Birleşmiş Milletler İstatistik Komisyonu tarafından 2013 yılında kabul edilen "Birleşmiş Milletler Toplumsal Cinsiyet Göstergeleri 52 Minimum Gösterge Seti"nde yer alan göstergelerden biri olan "20-24 yaş grubunda olup 18 yaşından önce evlenen kadınların oranı" Türkiye'de 2010 yılında yüzde 8,2 iken 2019 yılında bu oran yüzde 5,1 oldu.
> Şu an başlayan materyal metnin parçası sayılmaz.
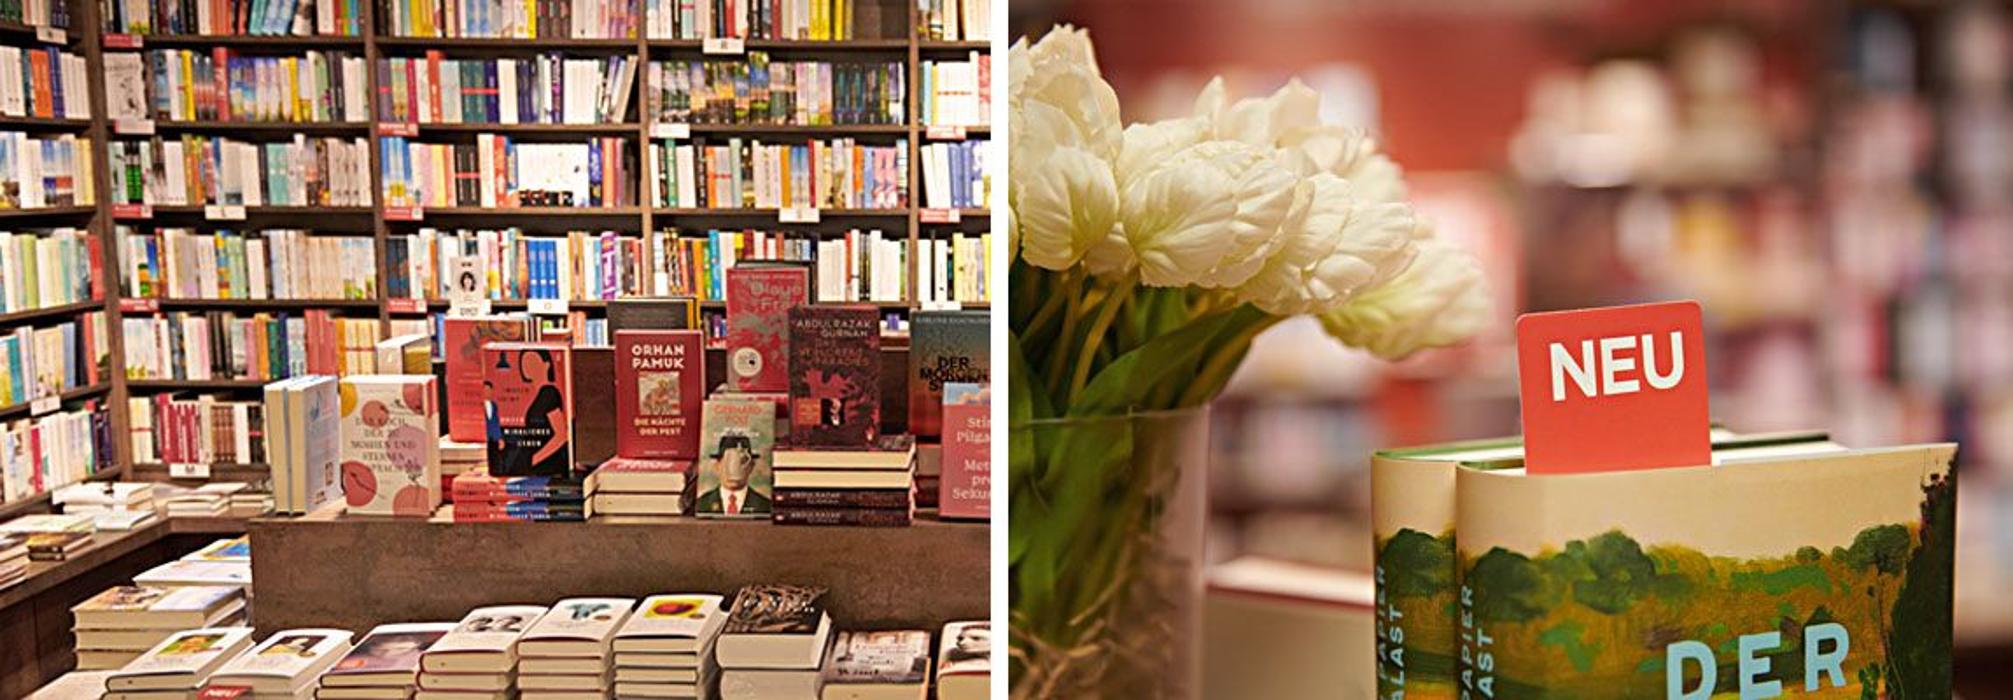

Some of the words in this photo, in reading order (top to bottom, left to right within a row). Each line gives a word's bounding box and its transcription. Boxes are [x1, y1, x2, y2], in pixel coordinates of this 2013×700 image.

Anne Ölüm Oranı Yüz Binde 13,6'ya Geriledi

Anne ölüm oranı, bir yıl içerisinde gerçekleşen yüz bin canlı doğum başına anne ölümlerinin sayısı olarak tanımlanıyor. Anne ölümü, gebeliğin başlangıcından doğum sonrası 42. günü kapsayacak şekilde; kaza ve tesadüfi sebeplerden kaynaklanmayan, gebelik veya gebeliğin yönetiminden kaynaklı olarak veya gebeliğin ağırlaştırdığı herhangi bir sebeple kadının ölmesidir.
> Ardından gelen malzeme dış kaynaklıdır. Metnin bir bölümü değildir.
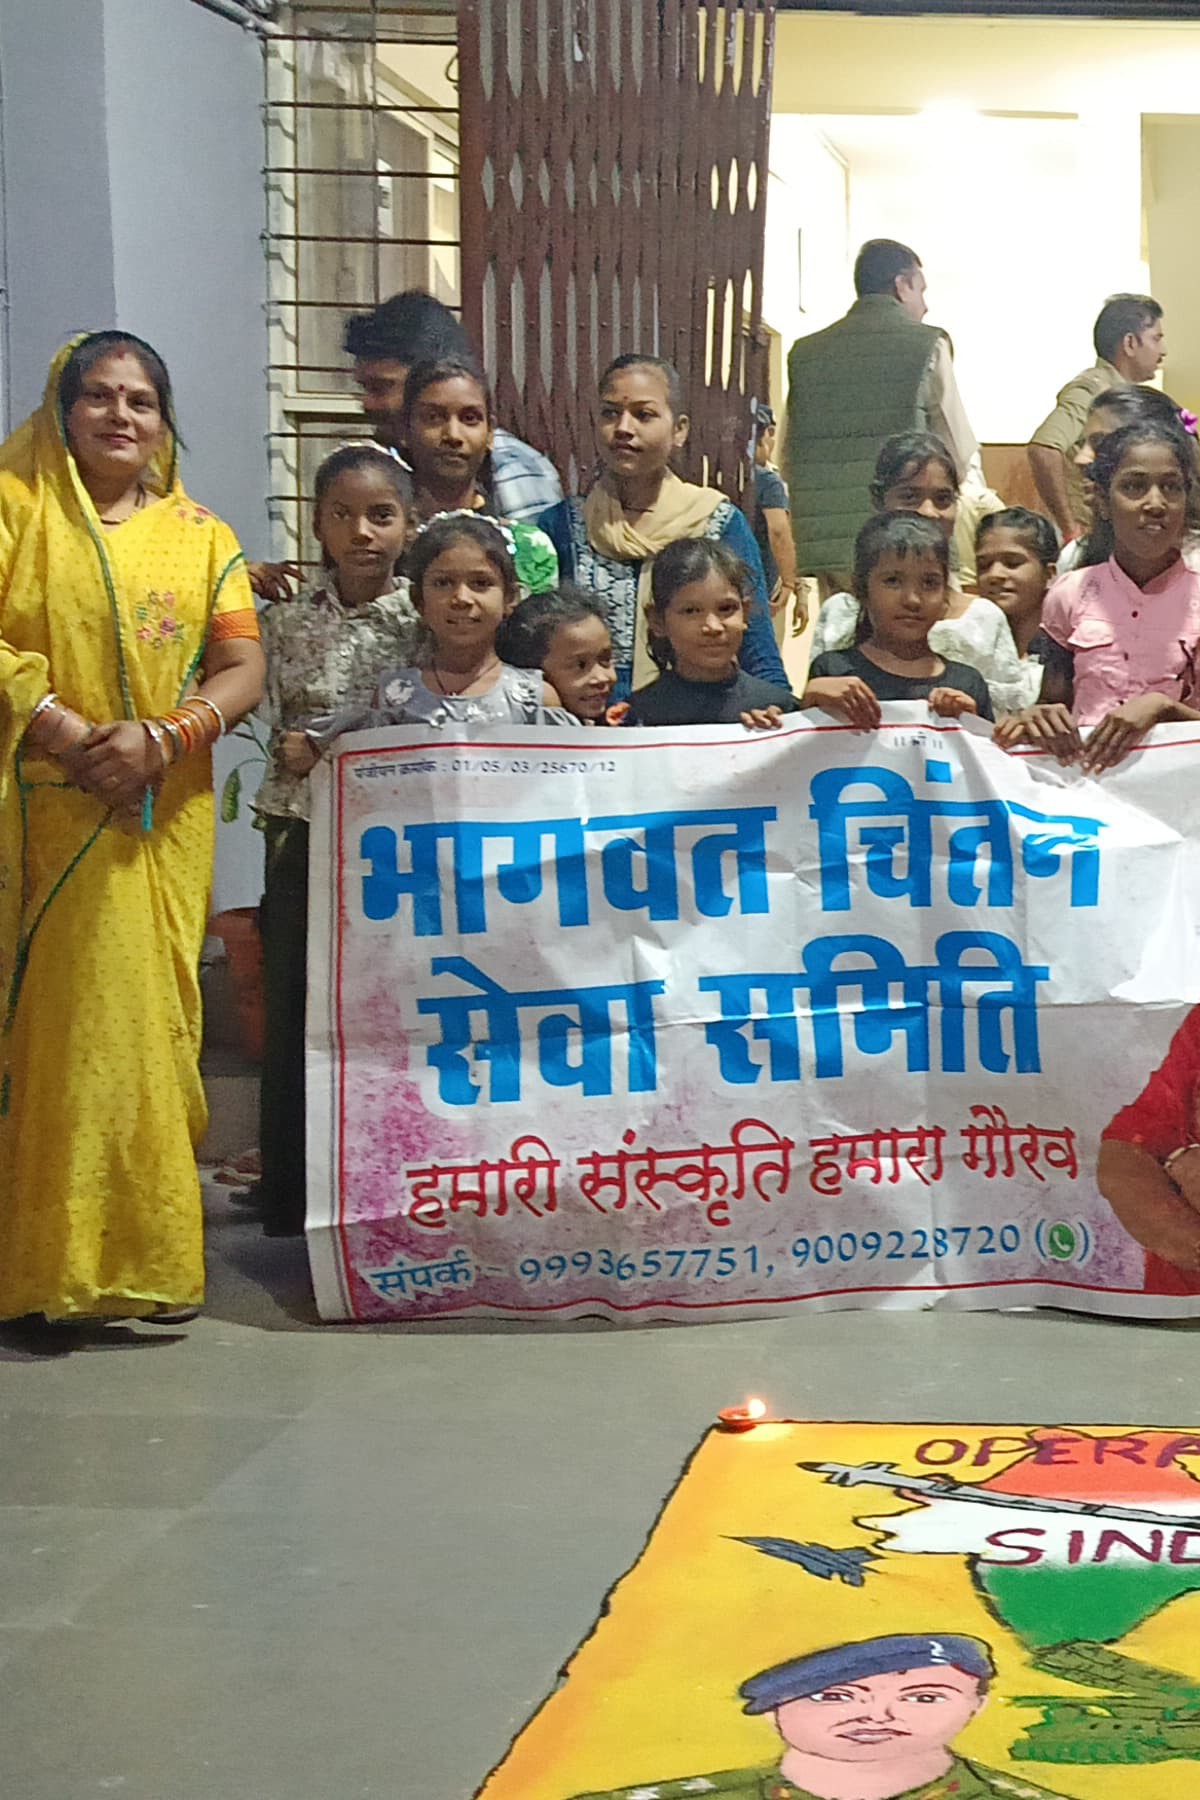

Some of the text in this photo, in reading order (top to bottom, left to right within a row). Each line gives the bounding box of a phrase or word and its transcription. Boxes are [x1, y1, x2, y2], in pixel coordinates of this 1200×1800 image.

[361, 759, 1110, 936] भागवत चिंतन
[416, 930, 1050, 1105] सेवा समिति
[406, 1106, 1077, 1228] हमारी संस्कृति हमारा गौरव
[371, 1249, 472, 1297] संपर्क
[792, 1224, 1020, 1268] 9009228720
Türkiye'de 2010 yılında yüz binde 16,7 olan anne ölüm oranının yıllar içinde azalma eğilimi göstererek 2018 yılında yüz binde 13,6'ya gerilediği görüldü.

Anne ölüm oranı dünya ortalamasının 2017 yılında yüz binde 211 olduğu görüldü. Anne ölüm oranı ülkelere göre incelendiğinde, yüz binde bin 150 ile Güney Sudan ilk sırada yer aldı. Güney Sudan'ı yüz binde bin 140 ile Çad ve yüz binde bin 120 ile Sierra Leone izledi. Anne ölüm oranının en düşük olduğu dört ülke ise yüz binde 2 ile Belarus, İtalya, Norveç ve Polonya oldu. Türkiye'de ise anne ölüm oranının 2017 yılında yüz binde yaklaşık 15 olduğu görüldü.
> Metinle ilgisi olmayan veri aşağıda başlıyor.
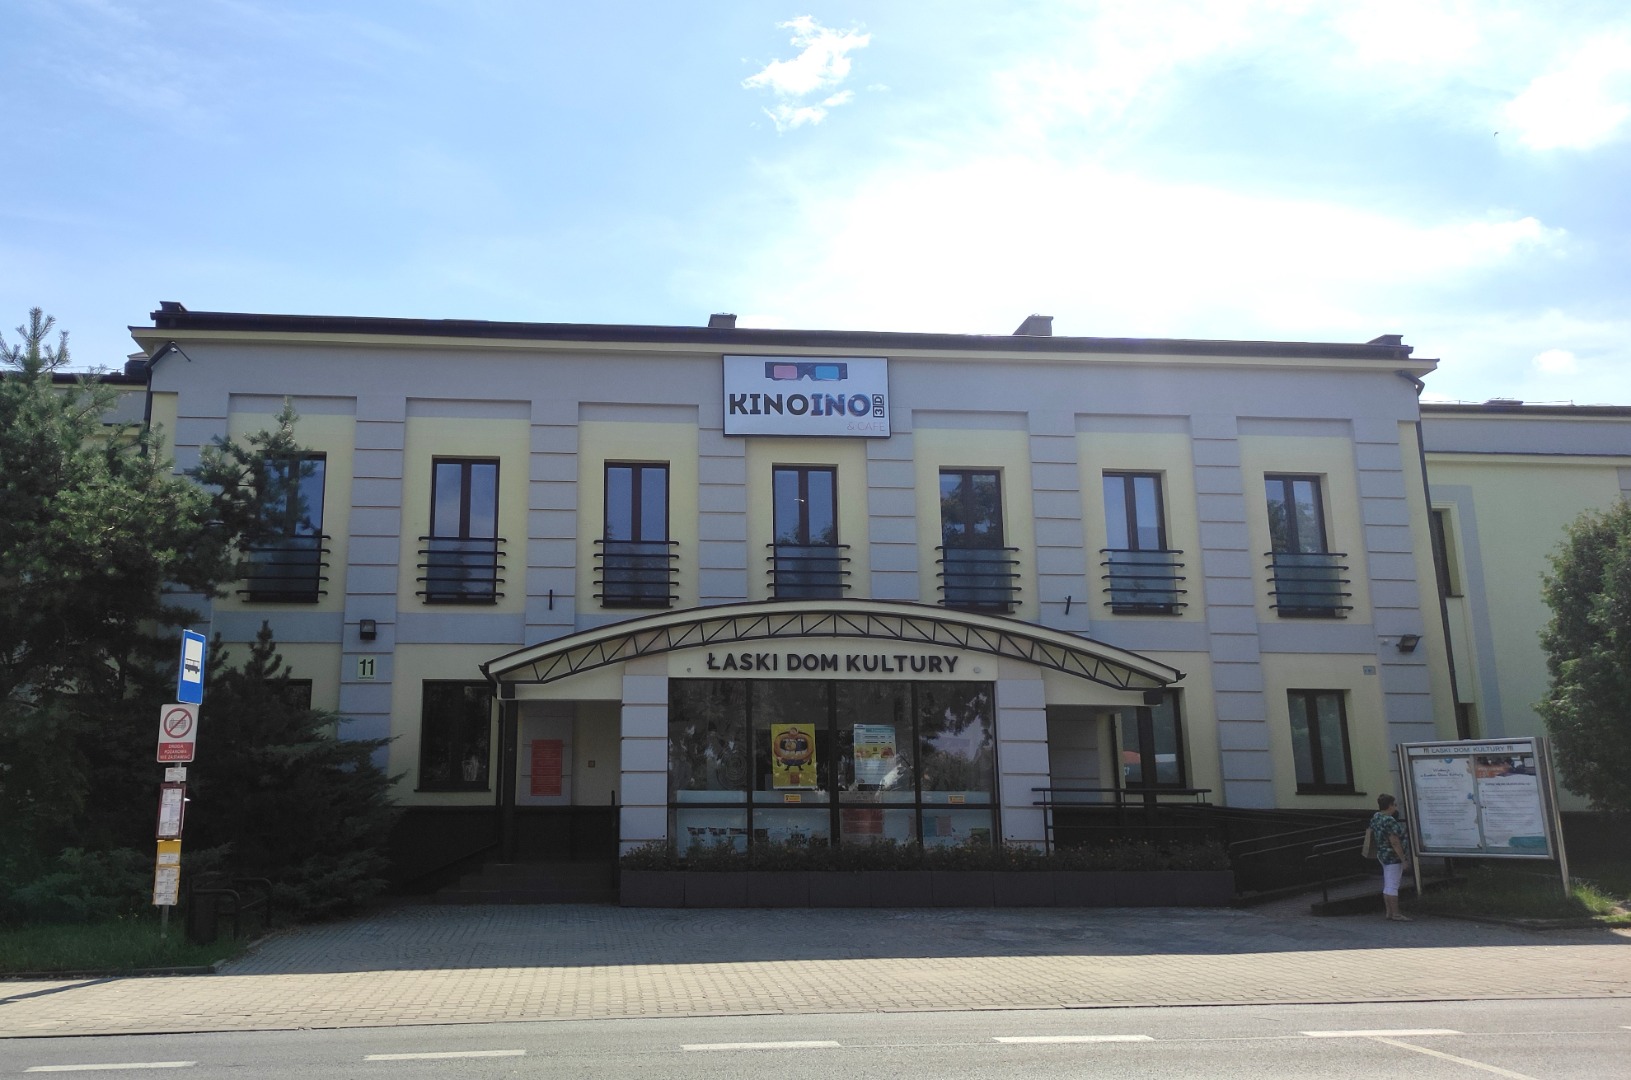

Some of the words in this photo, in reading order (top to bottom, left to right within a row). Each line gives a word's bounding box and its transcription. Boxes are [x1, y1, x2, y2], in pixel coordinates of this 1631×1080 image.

[360, 659, 374, 675] 11
[707, 652, 778, 671] ŁASKI
[786, 653, 838, 672] DOM
[846, 654, 959, 673] KULTURY
[1472, 745, 1505, 753] KULTURY
Bebek Ölüm Hızı Binde 9,1’e Geriledi

Bebek ölüm sayısı, 2018 yılında 11 bin 598 iken 2019 yılında 10 bin 770 oldu. Bin canlı doğum başına düşen bebek ölüm sayısını ifade eden bebek ölüm hızı, 2018 yılında binde 9,3 iken 2019 yılında binde 9,1 oldu. Diğer bir ifade ile 2019 yılında bin canlı doğum başına 9,1 bebek ölümü gerçekleşti.

Doğumdan sonraki beş yıl içinde ölme olasılığını ifade eden beş yaş altı ölüm hızı, 2018 yılında binde 11,3 iken 2019 yılında binde 11,2 oldu.

İstanbul Sözleşmesi İfsat Ediyor

İstanbul Sözleşmesi ve daha önce CEDAW ile uygulamaya konan kanunlar ile aileyi yıkma projesi hızla hedefine doğru yol alıyor. Aileleri parçalayan ve husumeti körükleyen 6284 yasası, özgürlük diyerek ahlakın yok edilip, gayrı meşru ilişkilerin özendirlmesi, genç yaşta evliliklere verilen ciddi hapis cezaları, okullarda bu fasit sözleşmelere uygun eğitim müfredatı, acı meyvelerini veriyor. Evlilikler azalıp, boşanmalar çoğalırken, kadın cinayetleri de bu sözleşmeler ile iki katına çıkmış durumda.

Gençlik bozuk fikrilerle zehirlenirken, eşcinsellik yaygın ve görünür hale getirildi. Bu kapsamda yapılan çalışmalarla şirketler eşcinsel çalışan kadroları açtı ve ürünlerine gökkuşağı simgesi yerleştirdi. Üniversite sınavında eşcinsel bir şarkıcının şarkı sözleri sorulurken, Milli Eğitim Bakanlığı, öğrencilere gökkuşağı resmi çizdirip evlerin camına asılmasını telkin etti.

Devletin himayesindeki bu örgütlü çalışmaların yansıması olarak bugün ekilenler biçiliyor. Aile kurumu paramparça edilmiş, gençlik isyankarlığa sürükleniyor. İstatistiklerde bahsedilen doğurganlığın düşmesi, tamamıyla bu çirkin projelerin eseri ve yıllar içindeki bozulma rakamlara yansımış durumda.